I'm not sure what we may need a 'redefinition' of. 'Snow'? 'White'? Tarski nowhere asserts that snow is white. It isn't even clear that he thinks that in some cases it might be.

Tarski says, on his way to doing something more complicated and, to semanticists and logicians more interesting, that

* 'Snow is white' is true iff snow is white.

This seems quite reasonable.

Surely one could not believe that it could be true that snow was white, even though snow wasn't white. This sounds like G. E. Moore, on a bad day.
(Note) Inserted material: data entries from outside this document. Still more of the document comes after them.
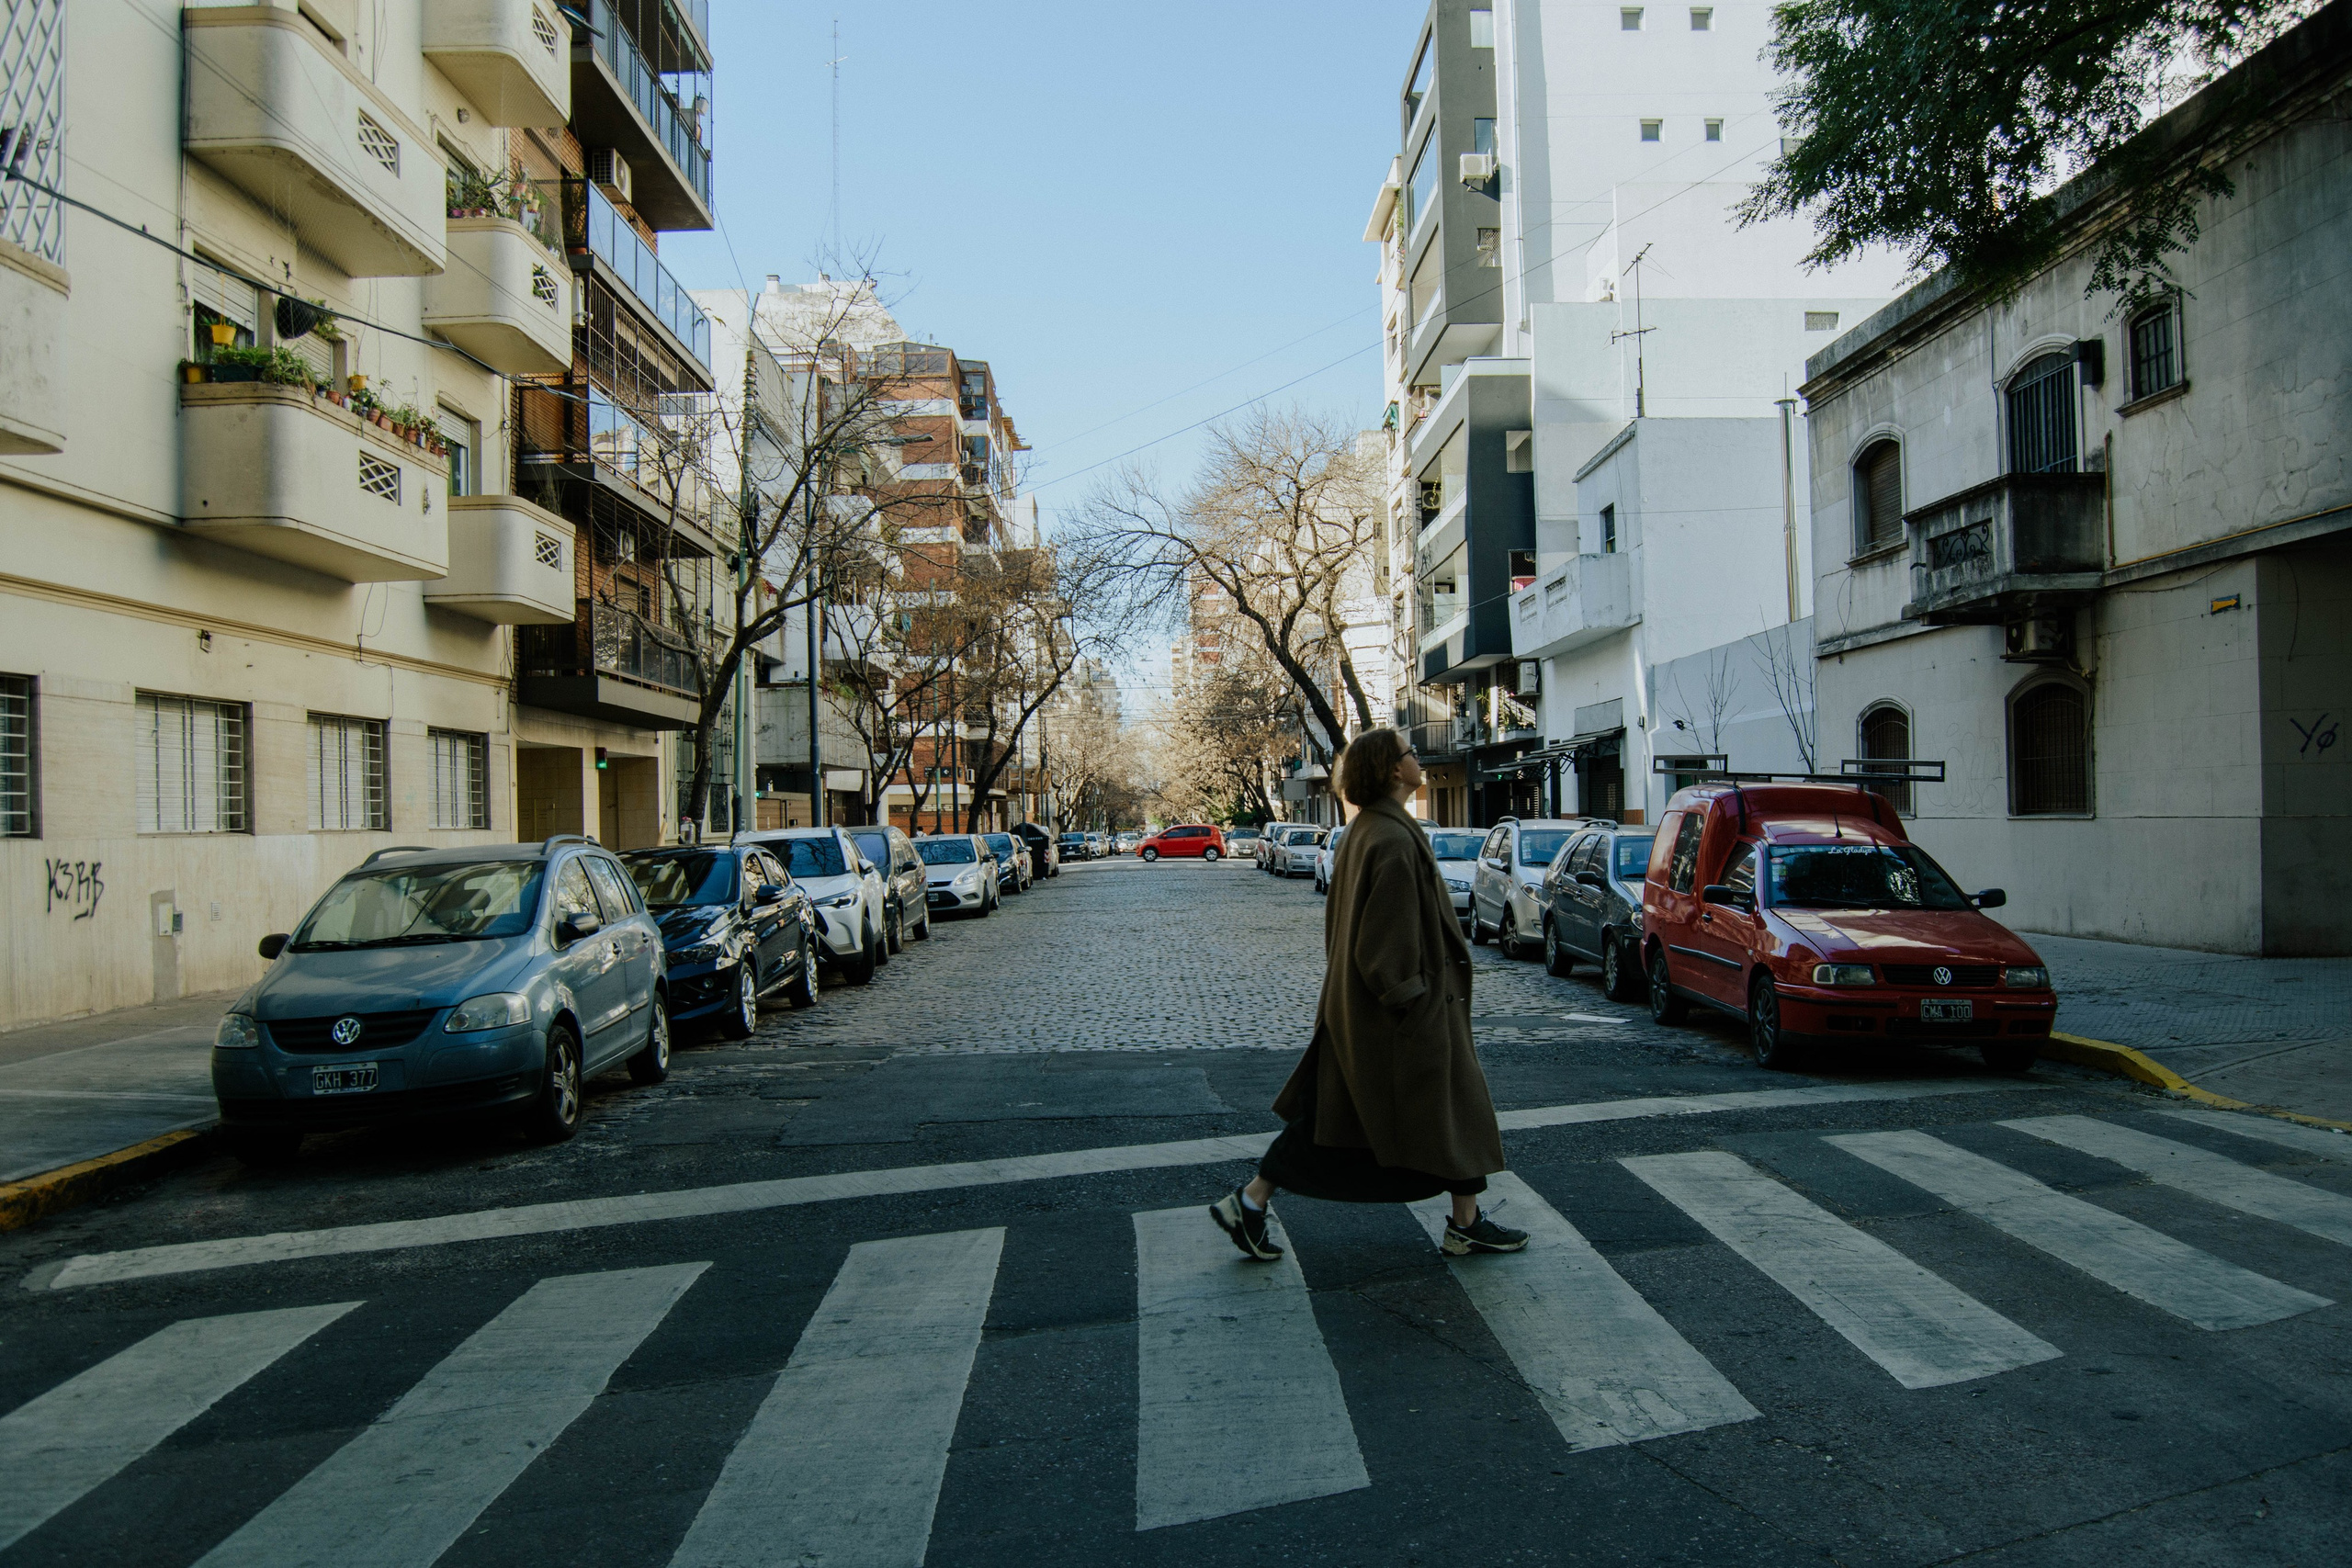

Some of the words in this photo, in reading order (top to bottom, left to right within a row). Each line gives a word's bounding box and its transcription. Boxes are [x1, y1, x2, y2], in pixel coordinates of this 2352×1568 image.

[1844, 846, 1871, 856] Gladys
[1923, 1005, 1943, 1018] CMA
[1950, 1005, 1971, 1019] 100
[316, 1072, 341, 1089] GKH
[350, 1070, 375, 1086] 377
This simple formula works for any intelligible sentence in any natural language. 'Kepler died in misery' is true iff Kepler died in misery. (I owe this example to my late colleague, G. Frege.)

As for temporal markers: What's apparently at stake is Donal's pointing out that of course P and -P need not contradict each other if they're sufficiently far apart in time. Hobbes may have been JL's favourite philosopher at one time, but later, Locke becomes his favourite. I'm taking the part of common sense though and assuming that since JL presented his commentary in one go, one would expect that it was meant to be read as a whole, viz. that it would be unfair to JL for others to ascribe temporal markers to his list. The Gricean rule is that assertions do not change their meaning as things the person asserting them asserted, until, an act of Parliament rules what had been asserted false.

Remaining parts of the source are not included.